Comment From: newzhiMing

Image Another way to explain that my idea may be better, the underlying model can also send messages to multiple systems. Just imagine why the underlying model vendor does not allow users to splice system messages but allows multiple messages.

Comment From: sunyuhan1998

Another way to explain that my idea may be better, the underlying model can also send messages to multiple systems. Just imagine why the underlying model vendor does not allow users to splice system messages but allows multiple messages.

I understand your point, but based on the example you've provided so far, it does not demonstrate that the LLM connects multiple "system" messages together for interpretation—because these prompts are not mutually exclusive. On the contrary, I believe only the most recent "system" prompt is retained.

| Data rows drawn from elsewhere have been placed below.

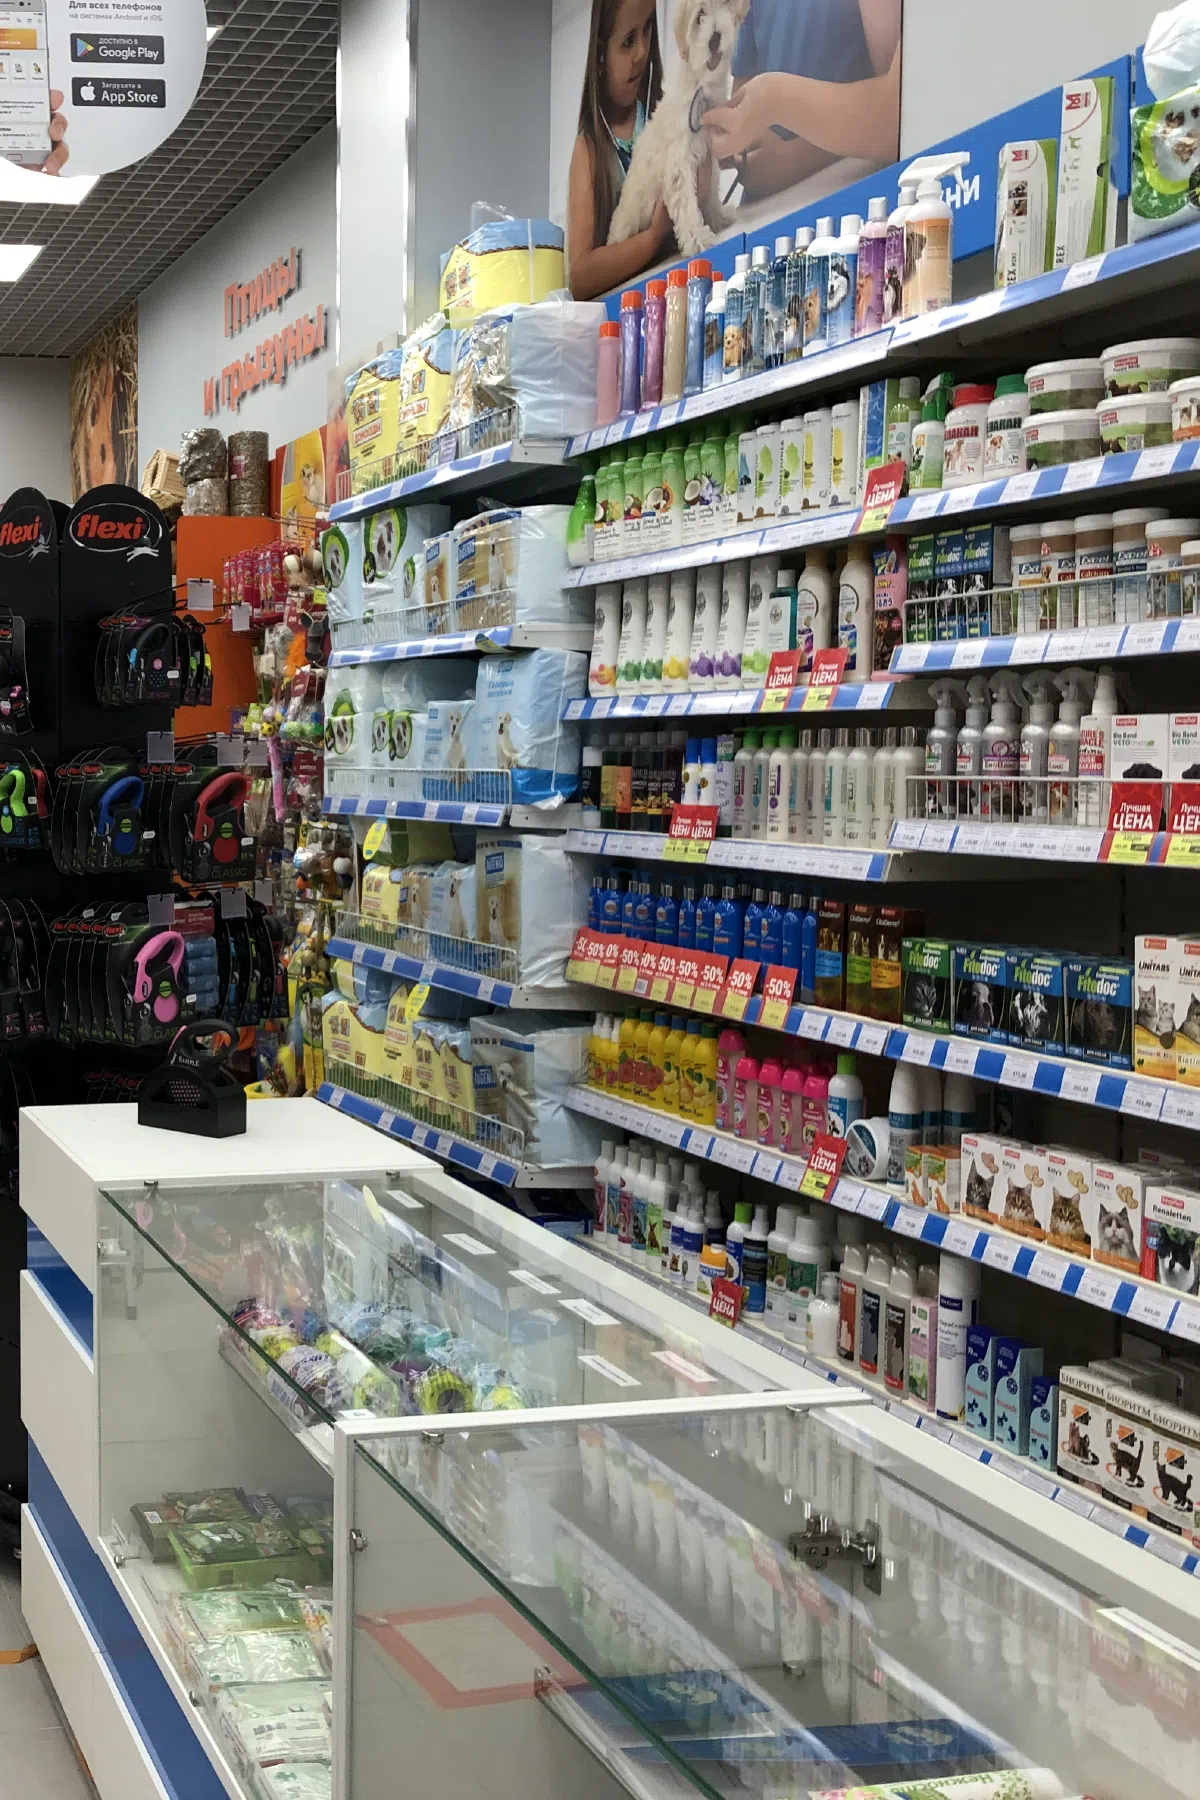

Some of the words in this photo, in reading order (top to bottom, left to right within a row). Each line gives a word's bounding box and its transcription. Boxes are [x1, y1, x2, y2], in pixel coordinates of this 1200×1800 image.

[69, 1, 87, 9] Для
[112, 3, 162, 11] телефонов
[99, 46, 136, 60] Google
[138, 47, 159, 60] Play
[102, 82, 136, 90] Загрузите
[102, 90, 126, 105] App
[127, 91, 159, 103] Store
[224, 247, 296, 337] Птицы
[204, 376, 214, 416] и
[221, 304, 324, 411] грызуны
[866, 489, 895, 508] ЦЕНА
[0, 516, 41, 547] flexi
[77, 513, 144, 540] flexi
[769, 672, 793, 688] ЦЕНА
[812, 671, 838, 686] ЦЕНА
[1121, 802, 1152, 814] Лучшая
[691, 825, 713, 839] ЦЕНА
[1112, 814, 1154, 833] ЦЕНА
[1172, 814, 1200, 832] ЦЕН
[211, 867, 248, 878] CLASSIC
[909, 951, 942, 969] Fitodoc
[963, 955, 1000, 978] Fitodoc
[1139, 960, 1171, 973] UNITABS
[676, 961, 699, 979] -50%
[701, 964, 724, 984] -50%
[729, 969, 752, 989] -50%
[1014, 966, 1052, 988] Fitodoc
[766, 977, 791, 998] -50%
[1077, 974, 1120, 997] Fitodoc
[178, 1055, 200, 1067] SAMPLE
[810, 1155, 837, 1174] ЦЕНА
[1153, 1205, 1192, 1223] Renaletten
[712, 1299, 735, 1318] ЦЕНА
[1061, 1372, 1105, 1397] БИОРИТМ
[1107, 1392, 1151, 1417] БИОРИТМ
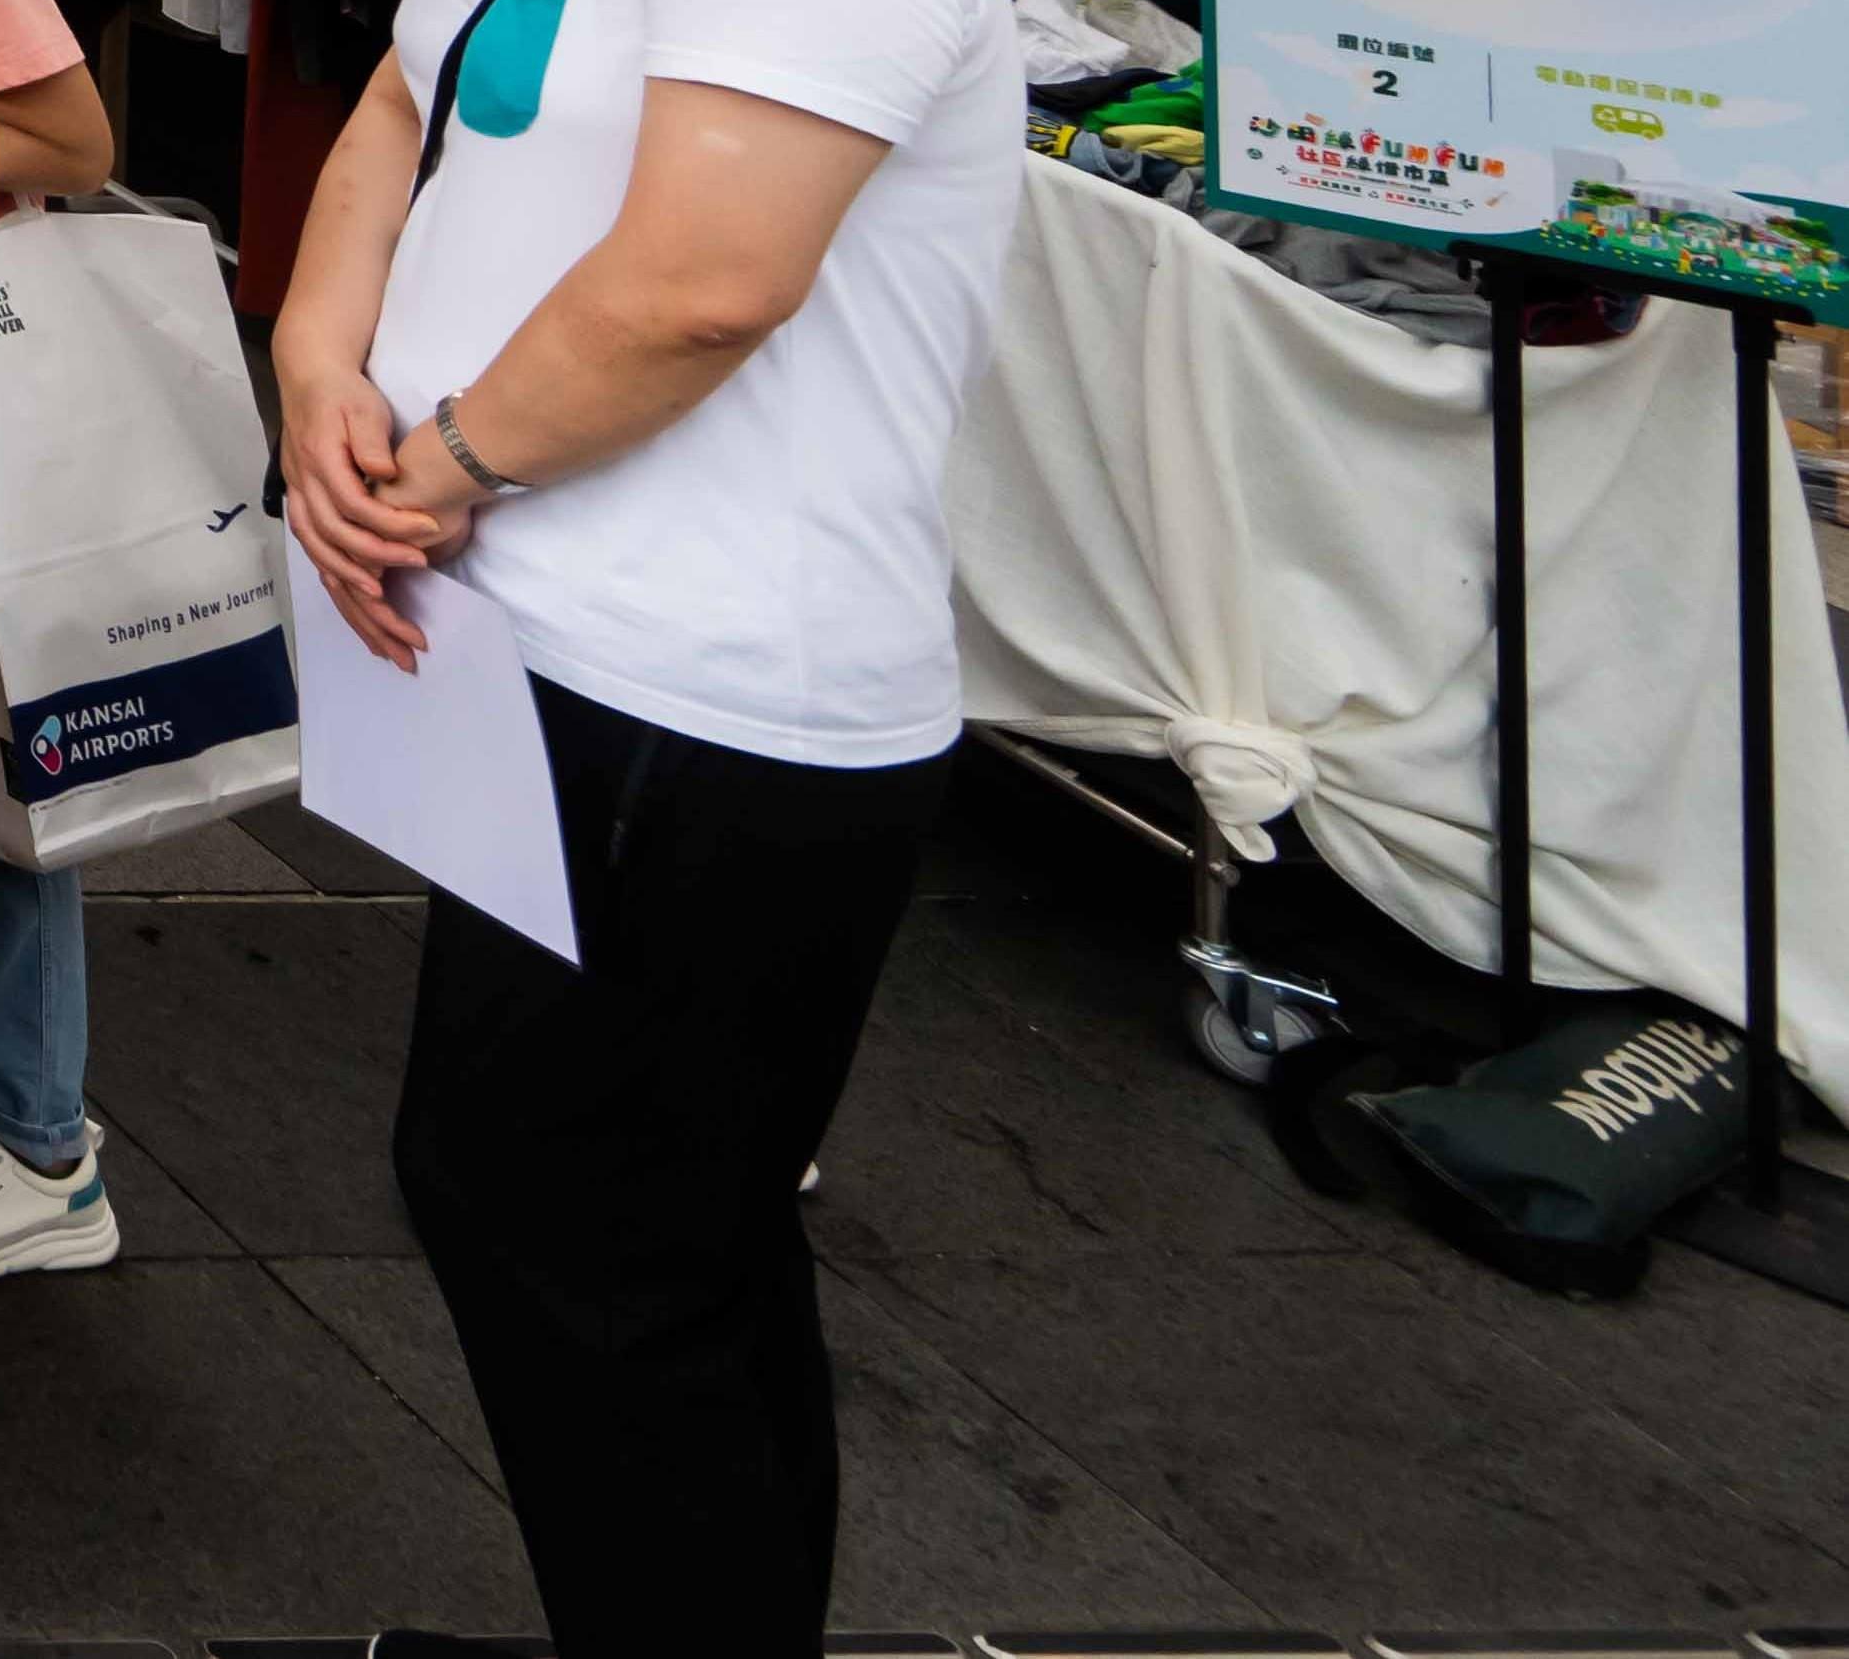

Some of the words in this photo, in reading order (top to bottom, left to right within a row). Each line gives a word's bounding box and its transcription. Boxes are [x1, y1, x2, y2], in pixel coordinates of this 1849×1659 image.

[1372, 69, 1400, 98] 2
[107, 614, 171, 645] Shaping
[177, 613, 184, 626] a
[189, 599, 221, 623] New
[225, 578, 275, 610] Journey
[65, 696, 145, 733] KANSAI
[69, 720, 175, 764] AIRPORTS

Below is my example, in which I provide three completely contradictory "system" instructions, yet the model ultimately follows the last one:

My code:

import requests
import os

API_KEY = os.getenv("OPENAI_API_KEY")

url = "https://api.openai.com/v1/chat/completions"

payload = {
    "model": "gpt-4o",
    "messages": [
        {"role": "system", "content": "You are a poet who answers all questions in English"},
        {"role": "system", "content": "You are a comedian who answers all questions in Japanese"},
        {"role": "system", "content": "You are a pirate who answers all questions in Chinese"},
        {"role": "user", "content": "The weather is really nice today"}
    ],
    "temperature": 0.7
}

headers = {
    "Content-Type": "application/json",
    "Authorization": f"Bearer {API_KEY}"
}

response = requests.post(url, headers=headers, json=payload)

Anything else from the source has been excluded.